Presently she began again: "He had certainly intended to write something which he found himself unable to finish; the broken sentence tells that. What could it have been? Any ordinary sentence, like, 'As to seeing you again, it is not necessary, as you know already my plans,'-if it had been anything like that, he would have finished it; it would have been easy to do so. No; it was something different. Oh, if it could only have been, 'As to seeing you again, I must see you, it must be managed in some way; I cannot go without a leave-taking!'" She sat up; her eyes were now radiant and sweet. Their glance happened to fall upon her watch, which was lying, case open, upon the table. Four o'clock. "I have sat here all night! I am losing my wits." She undressed rapidly, angrily. Clad in white, she stood brushing her hair, her supple figure taking, all unconsciously, enchanting postures as she now held a long lock at arm's-length, and now, putting her right hand over her shoulder, brushed out the golden mass that fell from the back of her head to her knees. "But he must have intended to write something unusual, even if not of any of the things I have been thinking of; then he changed his mind. That is the only solution of his leaving it unfinished-the only possible solution." This thought still filled her heart when daylight came.

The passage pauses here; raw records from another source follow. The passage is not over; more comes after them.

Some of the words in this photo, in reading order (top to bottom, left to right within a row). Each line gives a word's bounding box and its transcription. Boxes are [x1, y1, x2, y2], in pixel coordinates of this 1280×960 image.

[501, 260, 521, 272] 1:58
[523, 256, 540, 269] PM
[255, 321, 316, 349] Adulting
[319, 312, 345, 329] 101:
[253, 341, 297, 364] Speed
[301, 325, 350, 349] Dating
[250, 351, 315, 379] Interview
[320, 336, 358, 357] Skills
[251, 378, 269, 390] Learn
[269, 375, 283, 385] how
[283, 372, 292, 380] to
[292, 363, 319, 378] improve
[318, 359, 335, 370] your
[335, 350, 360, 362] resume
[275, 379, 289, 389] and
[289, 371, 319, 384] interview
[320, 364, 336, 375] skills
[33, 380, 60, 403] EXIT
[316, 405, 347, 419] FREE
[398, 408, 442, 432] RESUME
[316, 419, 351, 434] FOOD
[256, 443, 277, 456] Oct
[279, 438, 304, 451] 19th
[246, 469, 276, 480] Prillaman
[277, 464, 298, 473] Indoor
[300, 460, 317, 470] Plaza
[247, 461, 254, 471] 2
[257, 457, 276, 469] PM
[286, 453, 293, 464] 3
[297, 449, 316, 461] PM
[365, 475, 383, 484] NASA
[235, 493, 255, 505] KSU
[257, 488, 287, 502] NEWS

The evening before, sitting in the bar-room of the Star Hotel, Lakeville, Paul had written his letter. He had got as far as, "Then she needn't see me at all, and it really would be better. As to seeing you again," when a voice said, "Hello, Tennant!-busy?"

"Nothing important," replied Paul, pushing back the sheet of paper.

The visitor shook hands; then he seated himself, astride, on one of the bar-room chairs, facing the wooden back, which he hugged tightly. He had come to talk about Paul's Clay County iron; he had one or two ideas about it which he thought might come to something.

Paul, too, thought that they might come to something when he heard what they were. He was excited; he began to jot down figures on the envelope which he had intended for Eve. Finally he and the new-comer went out together; before going he put the letter in his pocket.

When he came in, it was late. "First mail to Port aux Pins?" he inquired.

"Five o'clock to-morrow morning," replied the drowsy waiter.

"Must finish it to-night, then," he thought. He took out the crumpled sheet, and, opening it, read through what he had written. "What was it I was going to add?" He tried to recall the train of thought. But he was sleepy (as Hollis said, Paul had a genius for sleep); besides, his mind was occupied by the new business plan. "I haven't the slightest idea what I was going to say.-A clear profit of fifty thousand in four years; that isn't bad. Ferdie will need a good deal. Ye-ough!" (a yawn). "What was it I was going to say?-I can't imagine. Well, it couldn't have been important, in any case. I'll just sign it, and let it go." So he wrote, "Yours sincerely, Paul Tennant;" and went to bed.